→ **Work to complete**: Print, exactly and completely, the data that appears below.

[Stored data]
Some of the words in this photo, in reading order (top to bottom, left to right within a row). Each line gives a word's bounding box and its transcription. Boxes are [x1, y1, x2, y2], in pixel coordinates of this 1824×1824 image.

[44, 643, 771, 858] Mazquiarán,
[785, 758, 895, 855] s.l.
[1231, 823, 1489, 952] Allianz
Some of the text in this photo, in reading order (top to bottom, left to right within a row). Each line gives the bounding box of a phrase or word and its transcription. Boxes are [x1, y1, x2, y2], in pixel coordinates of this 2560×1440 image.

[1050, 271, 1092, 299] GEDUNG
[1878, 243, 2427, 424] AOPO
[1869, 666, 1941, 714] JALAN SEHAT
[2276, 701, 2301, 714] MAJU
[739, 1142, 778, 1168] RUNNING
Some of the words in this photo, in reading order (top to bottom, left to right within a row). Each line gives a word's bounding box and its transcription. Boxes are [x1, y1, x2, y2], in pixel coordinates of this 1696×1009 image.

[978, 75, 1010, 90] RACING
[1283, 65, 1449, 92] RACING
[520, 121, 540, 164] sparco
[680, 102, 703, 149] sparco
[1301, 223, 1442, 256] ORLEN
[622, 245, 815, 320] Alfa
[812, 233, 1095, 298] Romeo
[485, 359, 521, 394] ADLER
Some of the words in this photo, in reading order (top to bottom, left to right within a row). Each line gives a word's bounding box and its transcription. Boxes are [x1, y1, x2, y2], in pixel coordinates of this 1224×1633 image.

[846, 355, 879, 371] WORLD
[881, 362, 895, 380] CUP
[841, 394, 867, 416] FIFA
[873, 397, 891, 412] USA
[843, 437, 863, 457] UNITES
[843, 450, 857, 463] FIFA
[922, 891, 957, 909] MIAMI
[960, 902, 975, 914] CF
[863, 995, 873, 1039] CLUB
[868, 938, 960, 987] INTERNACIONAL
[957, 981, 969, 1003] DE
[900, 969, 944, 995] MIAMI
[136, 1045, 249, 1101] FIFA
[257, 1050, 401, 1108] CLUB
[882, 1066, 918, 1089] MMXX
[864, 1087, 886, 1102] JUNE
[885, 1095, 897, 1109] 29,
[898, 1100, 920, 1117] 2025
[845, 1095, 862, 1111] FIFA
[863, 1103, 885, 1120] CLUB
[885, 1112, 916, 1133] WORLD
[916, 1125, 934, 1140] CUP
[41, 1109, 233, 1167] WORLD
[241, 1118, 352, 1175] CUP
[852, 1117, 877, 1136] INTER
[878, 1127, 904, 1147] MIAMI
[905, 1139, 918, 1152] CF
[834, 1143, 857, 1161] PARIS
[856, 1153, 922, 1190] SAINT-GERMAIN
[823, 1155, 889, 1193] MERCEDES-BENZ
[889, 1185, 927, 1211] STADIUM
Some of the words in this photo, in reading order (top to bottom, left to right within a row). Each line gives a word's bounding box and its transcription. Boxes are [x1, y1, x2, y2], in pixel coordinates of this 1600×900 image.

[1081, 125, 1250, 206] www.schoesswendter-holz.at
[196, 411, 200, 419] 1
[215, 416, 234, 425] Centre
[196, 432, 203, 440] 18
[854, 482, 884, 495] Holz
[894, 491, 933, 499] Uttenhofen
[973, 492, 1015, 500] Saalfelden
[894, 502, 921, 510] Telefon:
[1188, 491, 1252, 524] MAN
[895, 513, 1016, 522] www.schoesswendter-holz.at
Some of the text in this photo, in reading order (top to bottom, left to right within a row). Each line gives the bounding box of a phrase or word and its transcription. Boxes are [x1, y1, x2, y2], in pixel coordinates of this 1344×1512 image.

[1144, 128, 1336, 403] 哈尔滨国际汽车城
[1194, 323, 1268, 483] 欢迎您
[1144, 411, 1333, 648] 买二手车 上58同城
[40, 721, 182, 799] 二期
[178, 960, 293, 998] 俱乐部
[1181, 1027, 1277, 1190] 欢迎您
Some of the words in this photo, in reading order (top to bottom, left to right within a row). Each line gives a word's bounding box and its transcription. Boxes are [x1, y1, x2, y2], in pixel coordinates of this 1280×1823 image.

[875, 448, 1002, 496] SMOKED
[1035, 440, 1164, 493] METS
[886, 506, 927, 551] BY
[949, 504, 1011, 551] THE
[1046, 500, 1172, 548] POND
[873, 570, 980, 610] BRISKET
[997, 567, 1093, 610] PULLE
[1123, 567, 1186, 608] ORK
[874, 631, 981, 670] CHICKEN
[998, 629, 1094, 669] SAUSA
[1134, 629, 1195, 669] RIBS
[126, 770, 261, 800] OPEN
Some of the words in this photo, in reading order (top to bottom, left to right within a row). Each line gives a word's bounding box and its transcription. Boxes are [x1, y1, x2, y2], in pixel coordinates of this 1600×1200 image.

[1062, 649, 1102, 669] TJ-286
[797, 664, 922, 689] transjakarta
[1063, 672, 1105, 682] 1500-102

→ **The answer**:
Some of the words in this photo, in reading order (top to bottom, left to right within a row). Each line gives a word's bounding box and its transcription. Boxes are [x1, y1, x2, y2], in pixel coordinates of this 1824×1824 image.

[44, 643, 771, 858] Mazquiarán,
[785, 758, 895, 855] s.l.
[1231, 823, 1489, 952] Allianz
Some of the text in this photo, in reading order (top to bottom, left to right within a row). Each line gives the bounding box of a phrase or word and its transcription. Boxes are [x1, y1, x2, y2], in pixel coordinates of this 2560×1440 image.

[1050, 271, 1092, 299] GEDUNG
[1878, 243, 2427, 424] AOPO
[1869, 666, 1941, 714] JALAN SEHAT
[2276, 701, 2301, 714] MAJU
[739, 1142, 778, 1168] RUNNING
Some of the words in this photo, in reading order (top to bottom, left to right within a row). Each line gives a word's bounding box and its transcription. Boxes are [x1, y1, x2, y2], in pixel coordinates of this 1696×1009 image.

[978, 75, 1010, 90] RACING
[1283, 65, 1449, 92] RACING
[520, 121, 540, 164] sparco
[680, 102, 703, 149] sparco
[1301, 223, 1442, 256] ORLEN
[622, 245, 815, 320] Alfa
[812, 233, 1095, 298] Romeo
[485, 359, 521, 394] ADLER
Some of the words in this photo, in reading order (top to bottom, left to right within a row). Each line gives a word's bounding box and its transcription. Boxes are [x1, y1, x2, y2], in pixel coordinates of this 1224×1633 image.

[846, 355, 879, 371] WORLD
[881, 362, 895, 380] CUP
[841, 394, 867, 416] FIFA
[873, 397, 891, 412] USA
[843, 437, 863, 457] UNITES
[843, 450, 857, 463] FIFA
[922, 891, 957, 909] MIAMI
[960, 902, 975, 914] CF
[863, 995, 873, 1039] CLUB
[868, 938, 960, 987] INTERNACIONAL
[957, 981, 969, 1003] DE
[900, 969, 944, 995] MIAMI
[136, 1045, 249, 1101] FIFA
[257, 1050, 401, 1108] CLUB
[882, 1066, 918, 1089] MMXX
[864, 1087, 886, 1102] JUNE
[885, 1095, 897, 1109] 29,
[898, 1100, 920, 1117] 2025
[845, 1095, 862, 1111] FIFA
[863, 1103, 885, 1120] CLUB
[885, 1112, 916, 1133] WORLD
[916, 1125, 934, 1140] CUP
[41, 1109, 233, 1167] WORLD
[241, 1118, 352, 1175] CUP
[852, 1117, 877, 1136] INTER
[878, 1127, 904, 1147] MIAMI
[905, 1139, 918, 1152] CF
[834, 1143, 857, 1161] PARIS
[856, 1153, 922, 1190] SAINT-GERMAIN
[823, 1155, 889, 1193] MERCEDES-BENZ
[889, 1185, 927, 1211] STADIUM
Some of the words in this photo, in reading order (top to bottom, left to right within a row). Each line gives a word's bounding box and its transcription. Boxes are [x1, y1, x2, y2], in pixel coordinates of this 1600×900 image.

[1081, 125, 1250, 206] www.schoesswendter-holz.at
[196, 411, 200, 419] 1
[215, 416, 234, 425] Centre
[196, 432, 203, 440] 18
[854, 482, 884, 495] Holz
[894, 491, 933, 499] Uttenhofen
[973, 492, 1015, 500] Saalfelden
[894, 502, 921, 510] Telefon:
[1188, 491, 1252, 524] MAN
[895, 513, 1016, 522] www.schoesswendter-holz.at
Some of the text in this photo, in reading order (top to bottom, left to right within a row). Each line gives the bounding box of a phrase or word and its transcription. Boxes are [x1, y1, x2, y2], in pixel coordinates of this 1344×1512 image.

[1144, 128, 1336, 403] 哈尔滨国际汽车城
[1194, 323, 1268, 483] 欢迎您
[1144, 411, 1333, 648] 买二手车 上58同城
[40, 721, 182, 799] 二期
[178, 960, 293, 998] 俱乐部
[1181, 1027, 1277, 1190] 欢迎您
Some of the words in this photo, in reading order (top to bottom, left to right within a row). Each line gives a word's bounding box and its transcription. Boxes are [x1, y1, x2, y2], in pixel coordinates of this 1280×1823 image.

[875, 448, 1002, 496] SMOKED
[1035, 440, 1164, 493] METS
[886, 506, 927, 551] BY
[949, 504, 1011, 551] THE
[1046, 500, 1172, 548] POND
[873, 570, 980, 610] BRISKET
[997, 567, 1093, 610] PULLE
[1123, 567, 1186, 608] ORK
[874, 631, 981, 670] CHICKEN
[998, 629, 1094, 669] SAUSA
[1134, 629, 1195, 669] RIBS
[126, 770, 261, 800] OPEN
Some of the words in this photo, in reading order (top to bottom, left to right within a row). Each line gives a word's bounding box and its transcription. Boxes are [x1, y1, x2, y2], in pixel coordinates of this 1600×1200 image.

[1062, 649, 1102, 669] TJ-286
[797, 664, 922, 689] transjakarta
[1063, 672, 1105, 682] 1500-102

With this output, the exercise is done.